I have done some sewing, but no quilt making. My hobbies include a food preservation (canned peach jam; none of this “freezer jam”) and I dabble in metalworking/jewelry making. For me these activities provide an escape, a meditation and a feeling of accomplishment that is unlike most activities.
Quilt Making and Science—Really?
By now you might be thinking, “This science blog—Promega is a biotech company—what does quilt making have to do with science?”
Enter engineer and security expert Lorrie Faith Cranor, who garnered attention back in 2014 for her “security blanket quilt”, featured in an article at sciencemag.org, the web site of Science magazine.

Lorrie has a doctoral degree in engineering and policy and master’s degrees in computer science and in technology and human affairs, from Washington University in St. Louis. (Interestingly enough for this election year 2016 blog, her dissertation was on electronic voting.) She has done privacy work as well, and was just appointed Chief Technologist for the Federal Trade Commission.
Here is Lorrie with the “security blanket” quilt, covered in passwords that are but should never be used. In addition, notice that she is wearing a handmade passwords dress.
Lorrie blogs about her work and her quilts, which are amazing for their color choices and the way she takes well-known quilt patterns and manipulates them for a new design. She has also created a new pattern beginning with a security or privacy idea and developed a pattern from there. See her blog for details and quilts going back almost 15 years.
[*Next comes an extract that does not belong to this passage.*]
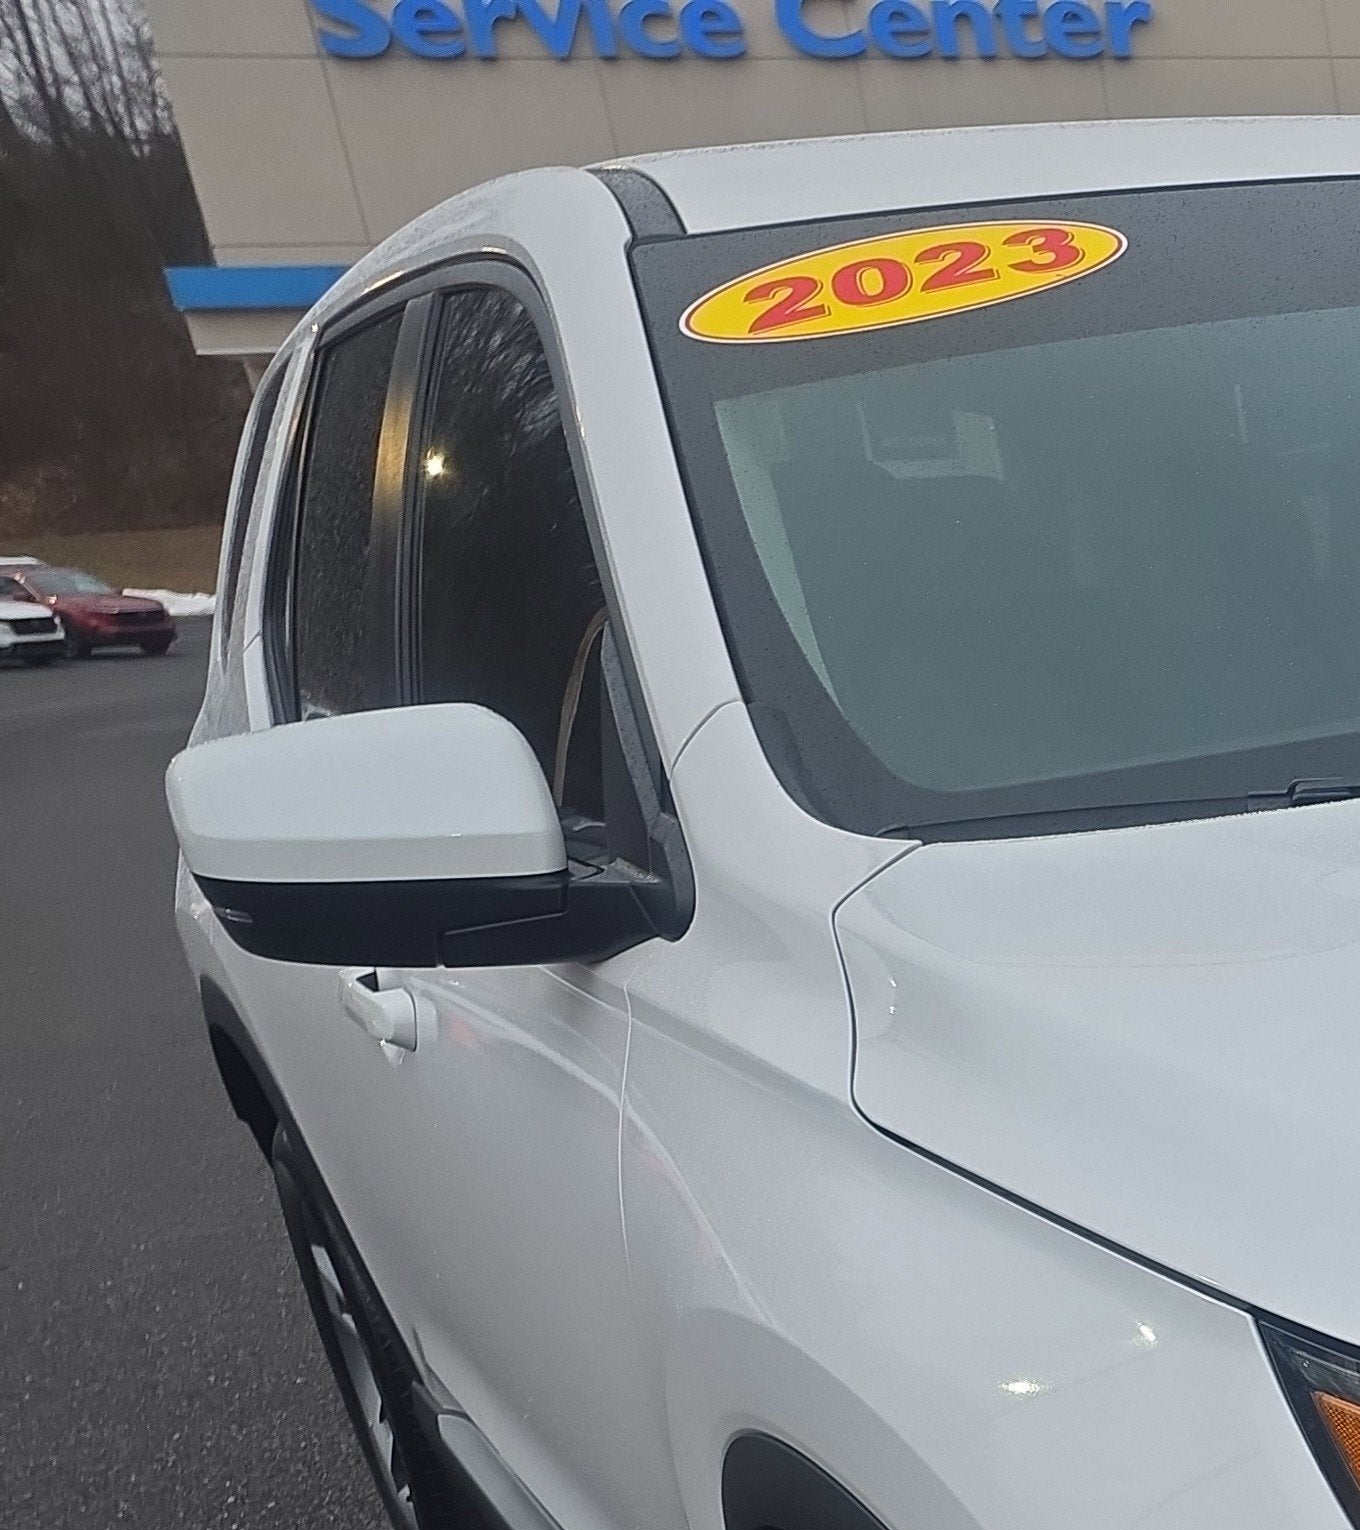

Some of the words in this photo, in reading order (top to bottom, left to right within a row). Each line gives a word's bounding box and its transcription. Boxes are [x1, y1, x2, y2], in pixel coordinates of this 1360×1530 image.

[315, 0, 745, 60] Service
[775, 0, 1151, 60] Center
[743, 228, 1086, 334] 2023
What Came First, the Scientist or the Quilt?
Although I received permission to use Lorrie’s quilt images, time did not permit an interview. However, after working at two large publicly-funded universities and a biotechnology company, I’ve known a number of scientists that are restlessly creative individuals, among them painters, wood workers, writers, musicians, not to mention fabric and metalworkers.
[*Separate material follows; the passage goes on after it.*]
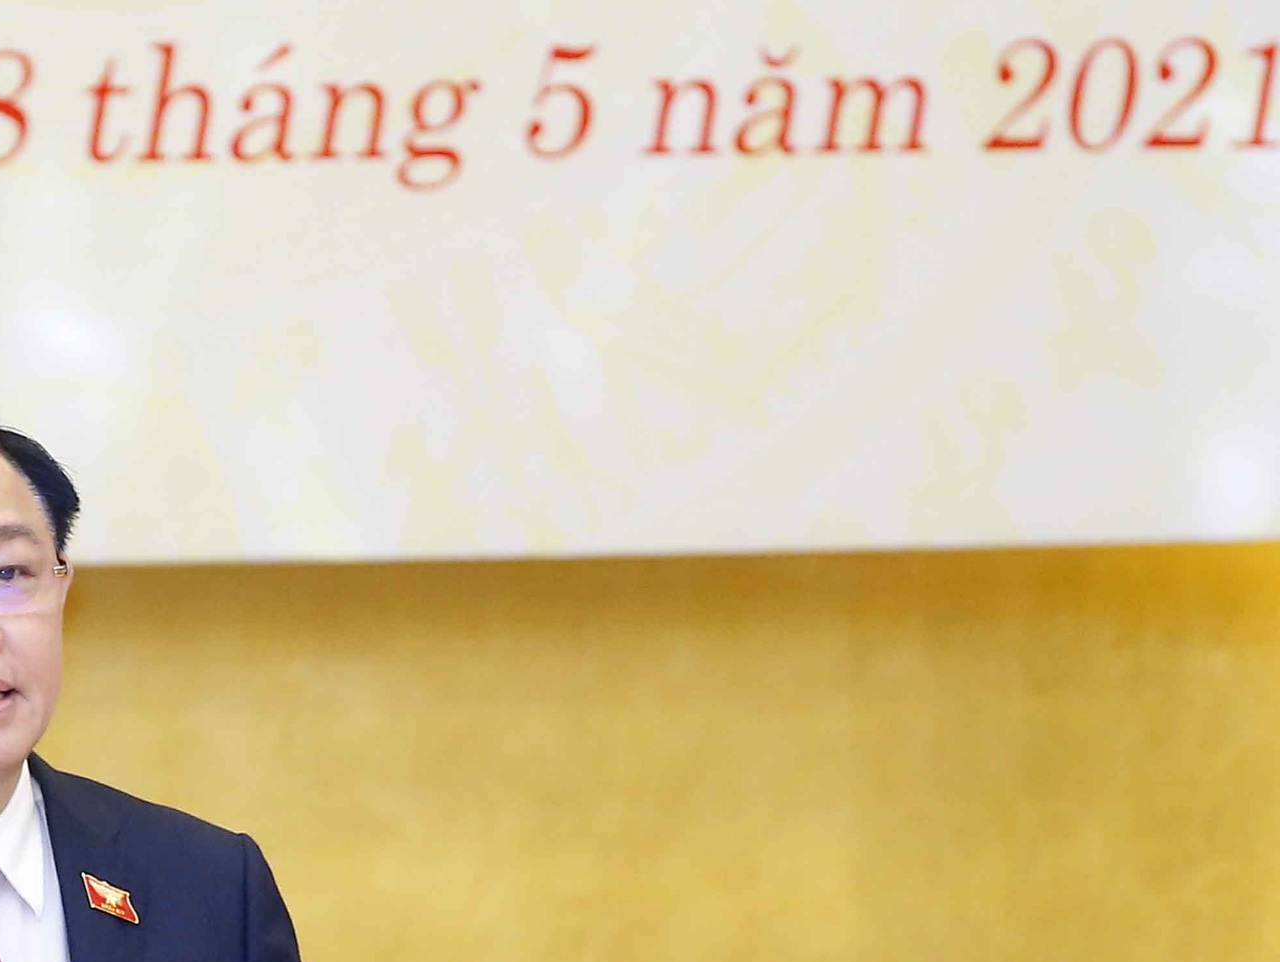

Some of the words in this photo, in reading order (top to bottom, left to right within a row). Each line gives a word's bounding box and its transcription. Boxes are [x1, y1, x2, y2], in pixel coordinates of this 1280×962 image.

The fascination with creating, with doing work with one’s hands and maybe even with the meditation and deep focus it takes to do such work, is commonly found in scientists. This 2014 article, “Scientists are More Creative than you Might Imagine” from The Atlantic, includes some interesting quotes and facts about scientists and creativity. (I know for a fact that there are readers of this blog that are creatives and scientists themselves.)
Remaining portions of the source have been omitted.